_Task to carry out_
The entries below are to be reproduced exactly, with their pictures omitted.
#####
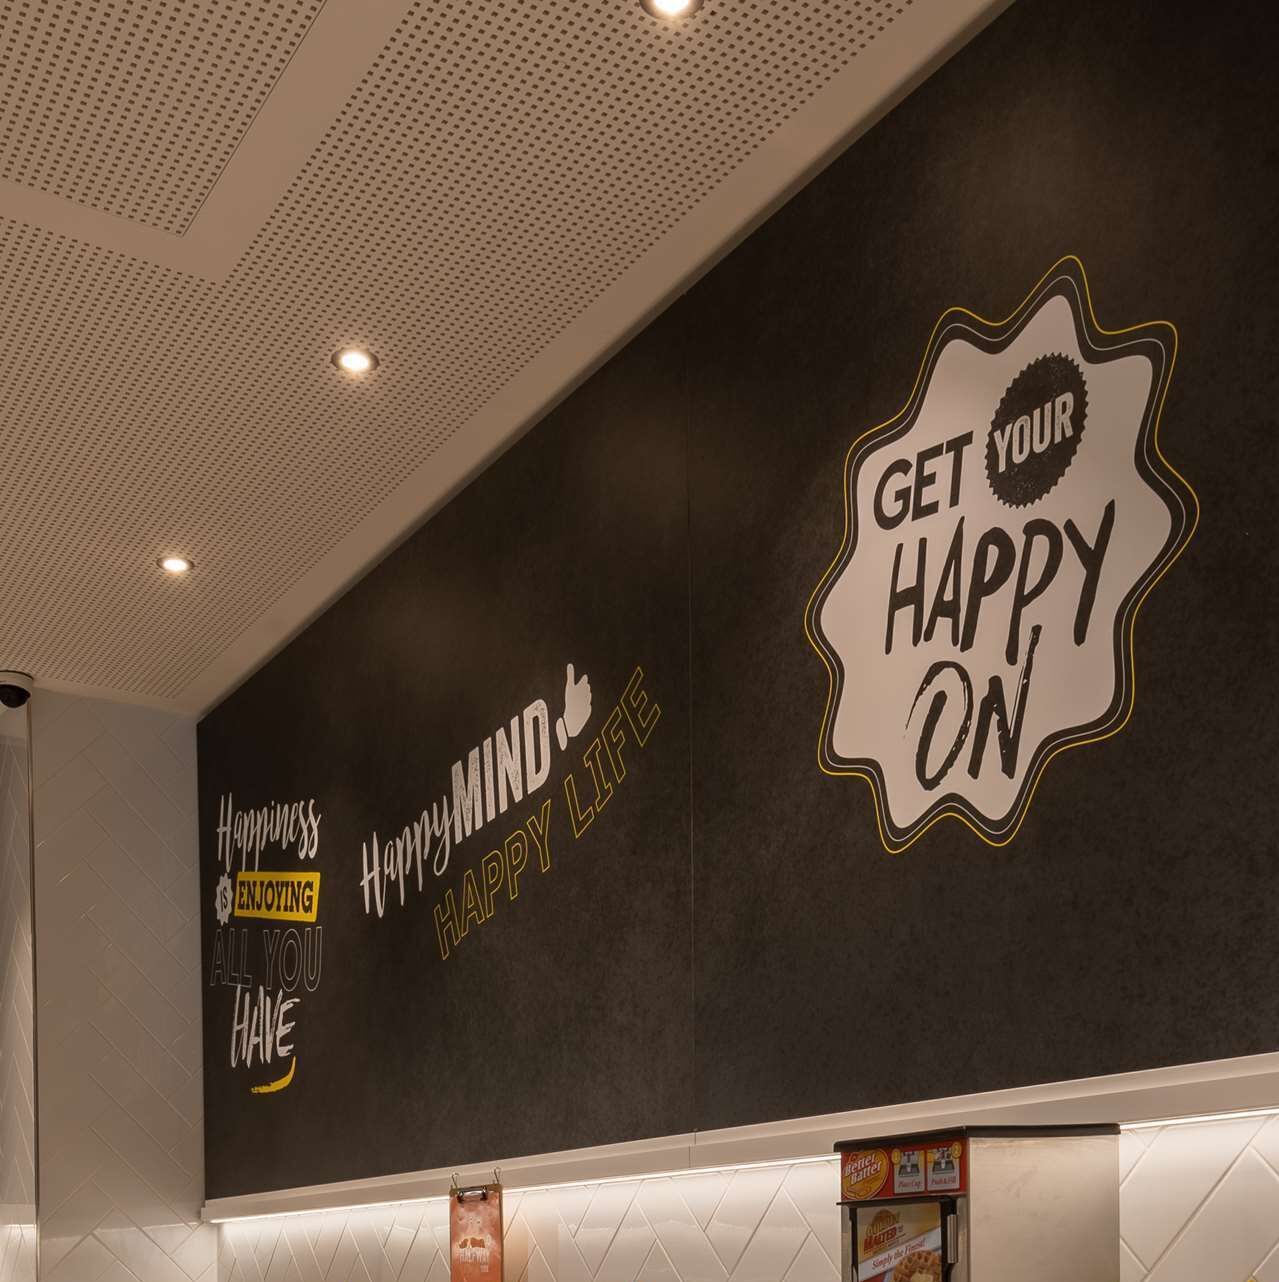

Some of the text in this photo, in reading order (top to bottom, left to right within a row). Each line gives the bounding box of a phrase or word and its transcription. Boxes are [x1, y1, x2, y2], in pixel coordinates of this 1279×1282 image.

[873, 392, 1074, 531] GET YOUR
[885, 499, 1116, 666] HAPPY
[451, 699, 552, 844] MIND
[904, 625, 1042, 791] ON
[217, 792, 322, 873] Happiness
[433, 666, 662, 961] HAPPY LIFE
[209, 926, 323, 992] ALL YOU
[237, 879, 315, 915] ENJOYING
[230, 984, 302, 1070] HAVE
#####
_Written solution_
Some of the text in this photo, in reading order (top to bottom, left to right within a row). Each line gives the bounding box of a phrase or word and its transcription. Boxes are [x1, y1, x2, y2], in pixel coordinates of this 1279×1282 image.

[873, 392, 1074, 531] GET YOUR
[885, 499, 1116, 666] HAPPY
[451, 699, 552, 844] MIND
[904, 625, 1042, 791] ON
[217, 792, 322, 873] Happiness
[433, 666, 662, 961] HAPPY LIFE
[209, 926, 323, 992] ALL YOU
[237, 879, 315, 915] ENJOYING
[230, 984, 302, 1070] HAVE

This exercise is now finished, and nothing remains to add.